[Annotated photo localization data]
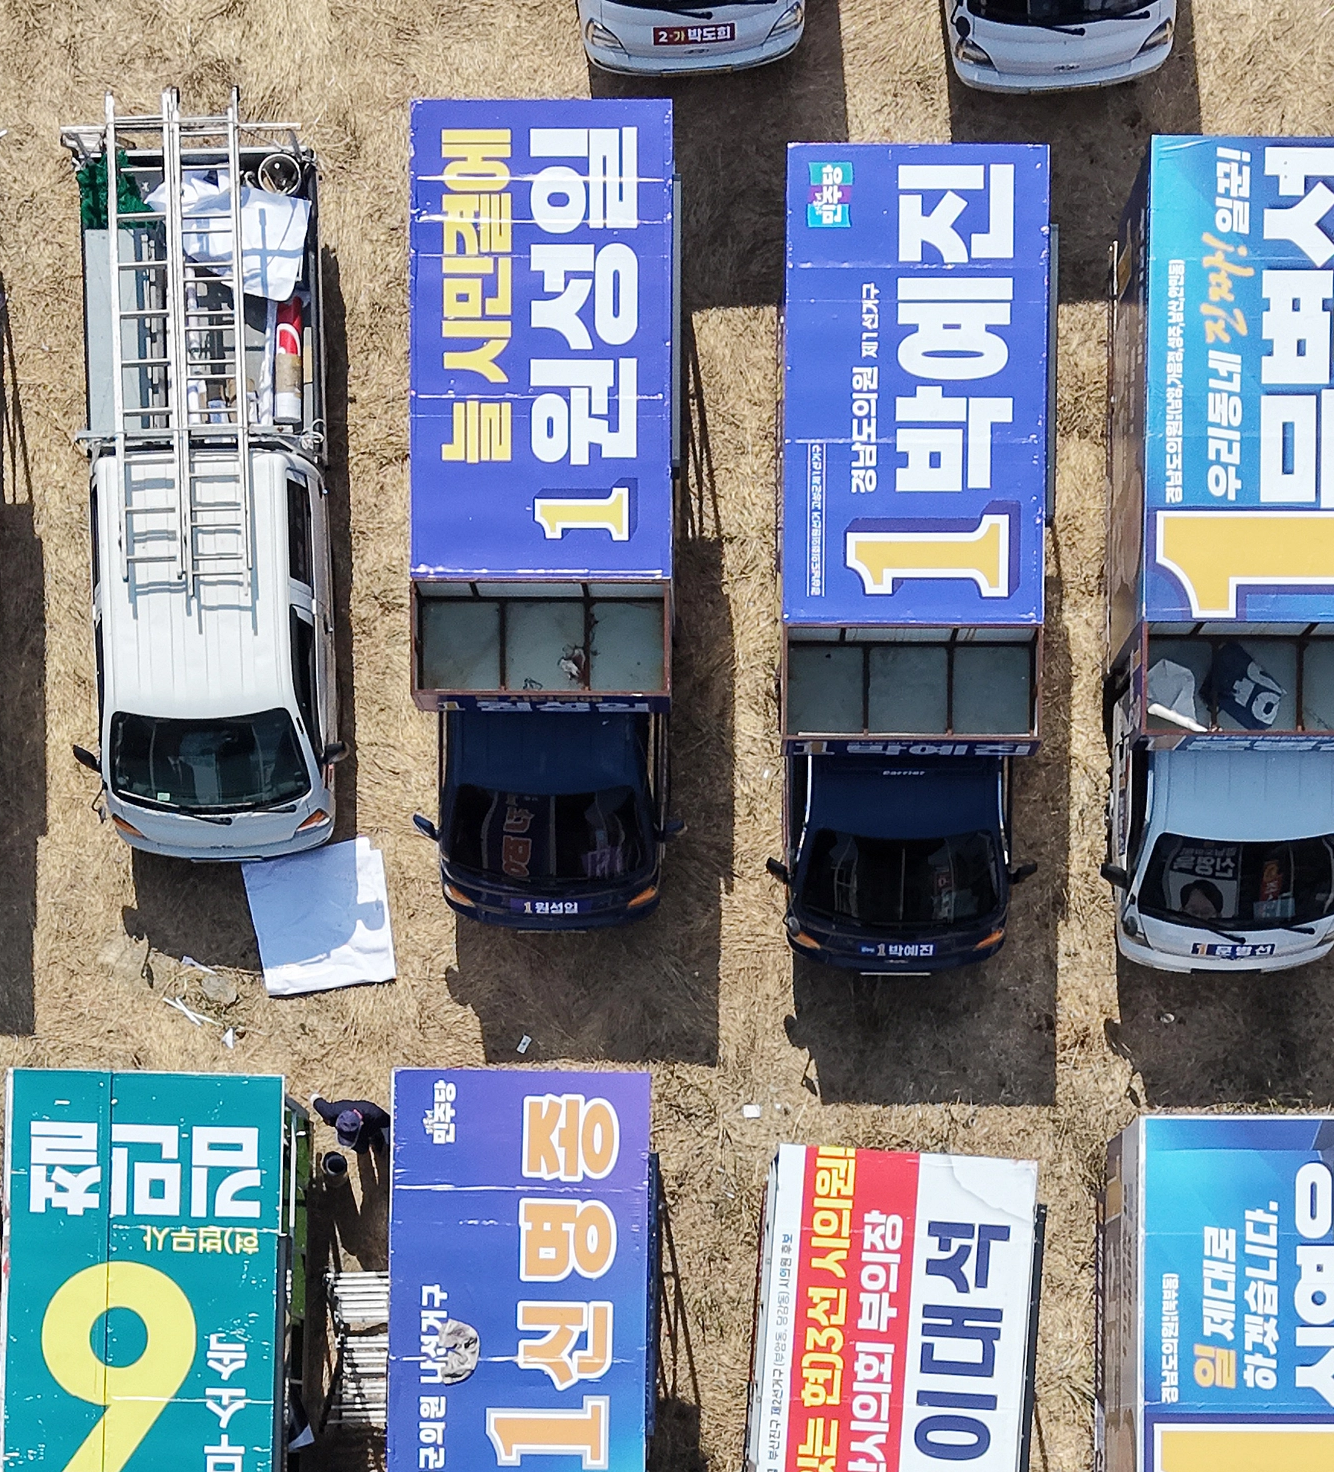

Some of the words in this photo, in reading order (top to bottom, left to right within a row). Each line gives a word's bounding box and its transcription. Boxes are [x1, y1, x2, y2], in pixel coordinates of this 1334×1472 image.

[658, 30, 685, 42] 2-가
[688, 27, 730, 41] 박도희
[823, 164, 842, 224] 민주당
[441, 129, 512, 383] 시민곁에
[530, 127, 638, 465] 원성일
[861, 283, 880, 358] 제1선거구
[895, 164, 1014, 492] 박예진
[441, 401, 512, 463] 늘
[852, 366, 879, 494] 경남도의원
[534, 487, 629, 541] 1
[846, 514, 1009, 597] 1
[432, 1080, 456, 1143] 민주당
[29, 1120, 262, 1218] 김민철
[143, 1226, 259, 1254] 현)법무사
[517, 1092, 619, 1390] 신명종
[780, 1257, 792, 1288] 시의원
[781, 1234, 794, 1254] 후보
[857, 1210, 903, 1331] 부의장
[1203, 1226, 1238, 1341] 제대로
[1246, 1200, 1280, 1389] 하겠습니다.
[914, 1220, 1010, 1460] 이대석
[1194, 1343, 1237, 1388] 일
[771, 1369, 784, 1416] 제2선거구
[486, 1396, 608, 1470] 1
[769, 1418, 782, 1460] 부산진구
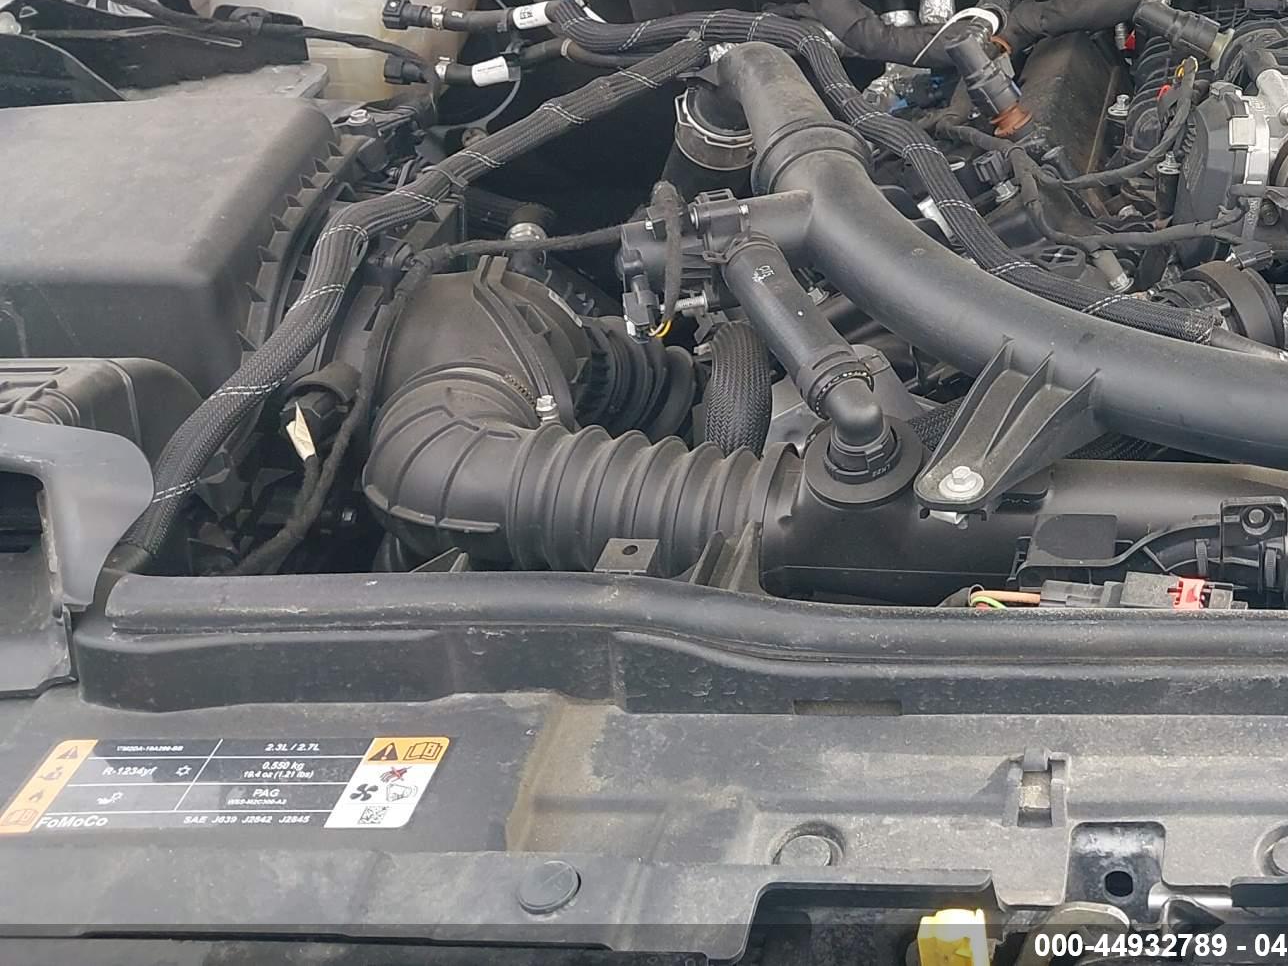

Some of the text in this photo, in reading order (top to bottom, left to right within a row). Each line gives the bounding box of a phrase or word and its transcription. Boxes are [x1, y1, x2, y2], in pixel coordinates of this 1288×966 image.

[265, 743, 288, 752] 2.3L
[297, 743, 320, 752] 2.7L
[102, 766, 158, 778] R-1234yf
[252, 788, 280, 798] PAG
[35, 815, 109, 829] FoMoCo
[183, 816, 208, 824] SAE
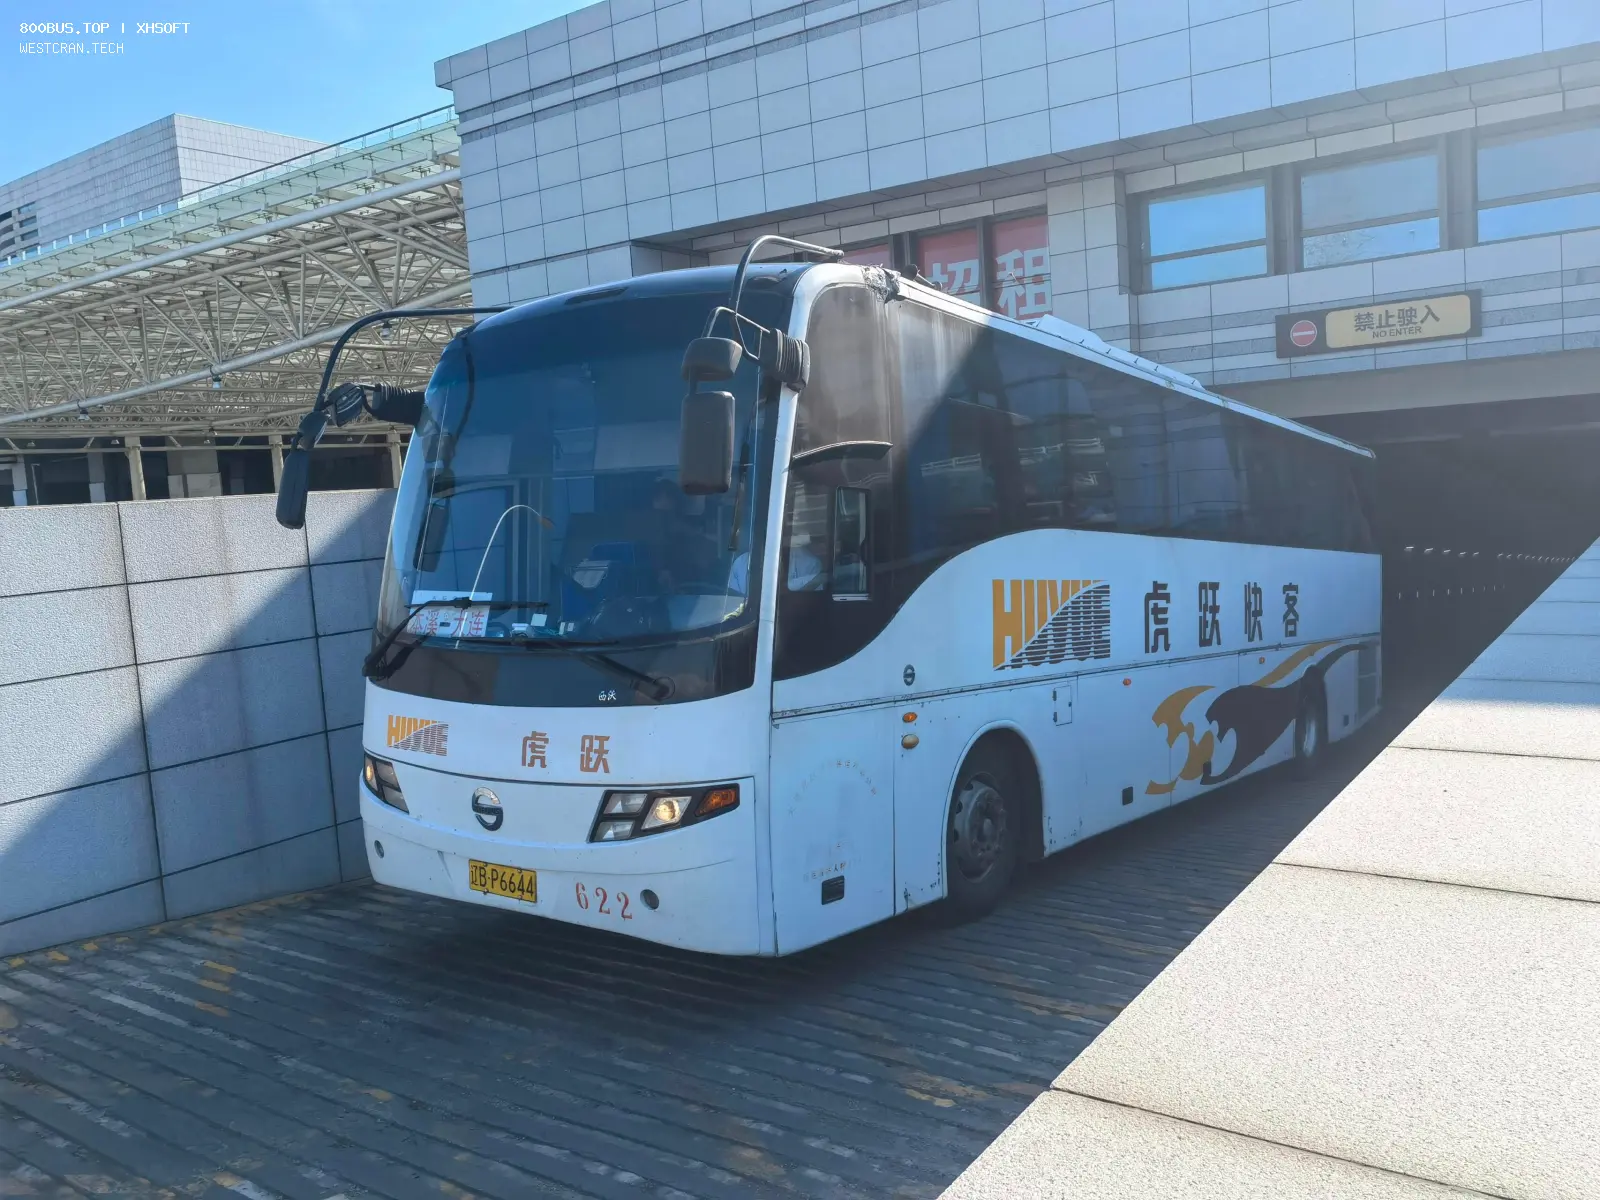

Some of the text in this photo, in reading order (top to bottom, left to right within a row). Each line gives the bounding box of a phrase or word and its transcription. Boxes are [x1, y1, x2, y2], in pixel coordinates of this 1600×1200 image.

[1354, 304, 1440, 332] 禁止驶入
[1372, 325, 1422, 339] NO ENTER
[992, 579, 1299, 671] HUYUE 虎跃快客
[386, 714, 611, 774] HUYUE 虎跃
[575, 881, 633, 921] 622
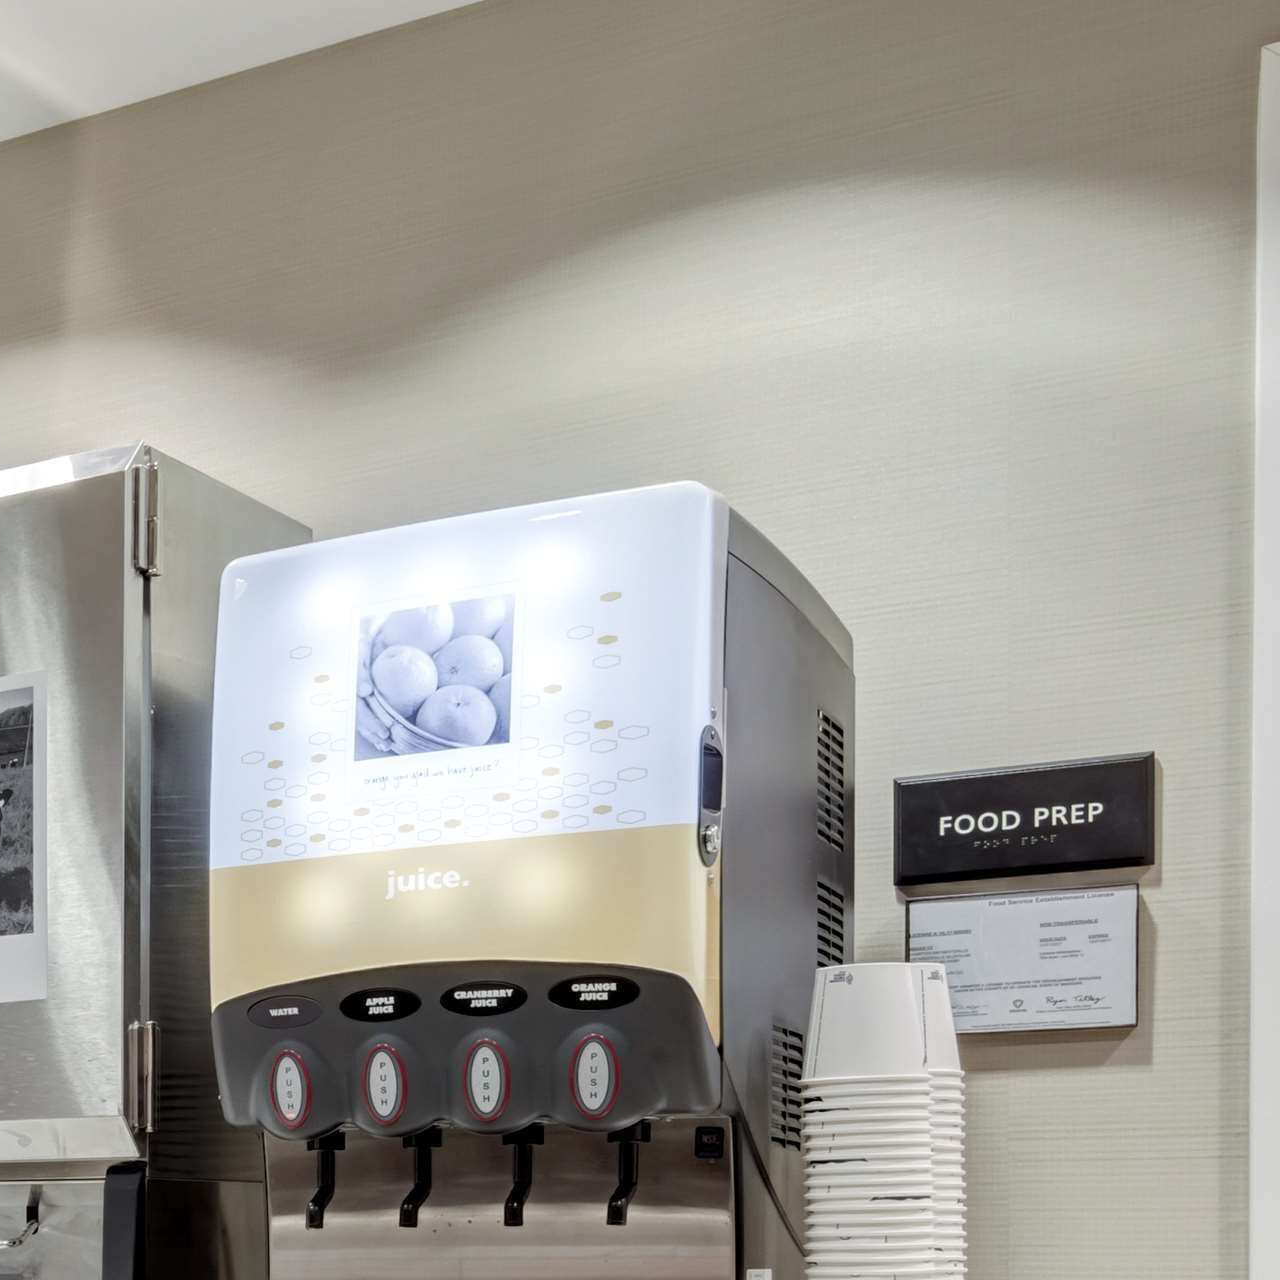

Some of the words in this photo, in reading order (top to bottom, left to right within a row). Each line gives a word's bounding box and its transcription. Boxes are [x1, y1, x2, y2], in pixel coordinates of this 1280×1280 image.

EXERCISE DIRECTIONS - The task calls for every record to be transcribed exactly, with no images included.

RESPONSE TO THE EXERCISE -
Some of the words in this photo, in reading order (top to bottom, left to right within a row). Each line gives a word's bounding box and its transcription. Boxes are [x1, y1, x2, y2], in pixel coordinates of this 1334×1472 image.

[658, 30, 685, 42] 2-가
[688, 27, 730, 41] 박도희
[823, 164, 842, 224] 민주당
[441, 129, 512, 383] 시민곁에
[530, 127, 638, 465] 원성일
[861, 283, 880, 358] 제1선거구
[895, 164, 1014, 492] 박예진
[441, 401, 512, 463] 늘
[852, 366, 879, 494] 경남도의원
[534, 487, 629, 541] 1
[846, 514, 1009, 597] 1
[432, 1080, 456, 1143] 민주당
[29, 1120, 262, 1218] 김민철
[143, 1226, 259, 1254] 현)법무사
[517, 1092, 619, 1390] 신명종
[780, 1257, 792, 1288] 시의원
[781, 1234, 794, 1254] 후보
[857, 1210, 903, 1331] 부의장
[1203, 1226, 1238, 1341] 제대로
[1246, 1200, 1280, 1389] 하겠습니다.
[914, 1220, 1010, 1460] 이대석
[1194, 1343, 1237, 1388] 일
[771, 1369, 784, 1416] 제2선거구
[486, 1396, 608, 1470] 1
[769, 1418, 782, 1460] 부산진구

Some of the text in this photo, in reading order (top to bottom, left to right within a row). Each line gives the bounding box of a phrase or word and its transcription. Boxes are [x1, y1, x2, y2], in pixel coordinates of this 1288×966 image.

[265, 743, 288, 752] 2.3L
[297, 743, 320, 752] 2.7L
[102, 766, 158, 778] R-1234yf
[252, 788, 280, 798] PAG
[35, 815, 109, 829] FoMoCo
[183, 816, 208, 824] SAE

Some of the text in this photo, in reading order (top to bottom, left to right within a row). Each line gives the bounding box of a phrase or word and its transcription. Boxes are [x1, y1, x2, y2], in pixel coordinates of this 1600×1200 image.

[1354, 304, 1440, 332] 禁止驶入
[1372, 325, 1422, 339] NO ENTER
[992, 579, 1299, 671] HUYUE 虎跃快客
[386, 714, 611, 774] HUYUE 虎跃
[575, 881, 633, 921] 622

Some of the words in this photo, in reading order (top to bottom, left to right within a row). Each line gives a word's bounding box and its transcription. Boxes are [x1, y1, x2, y2], in pixel coordinates of this 1280×1280 image.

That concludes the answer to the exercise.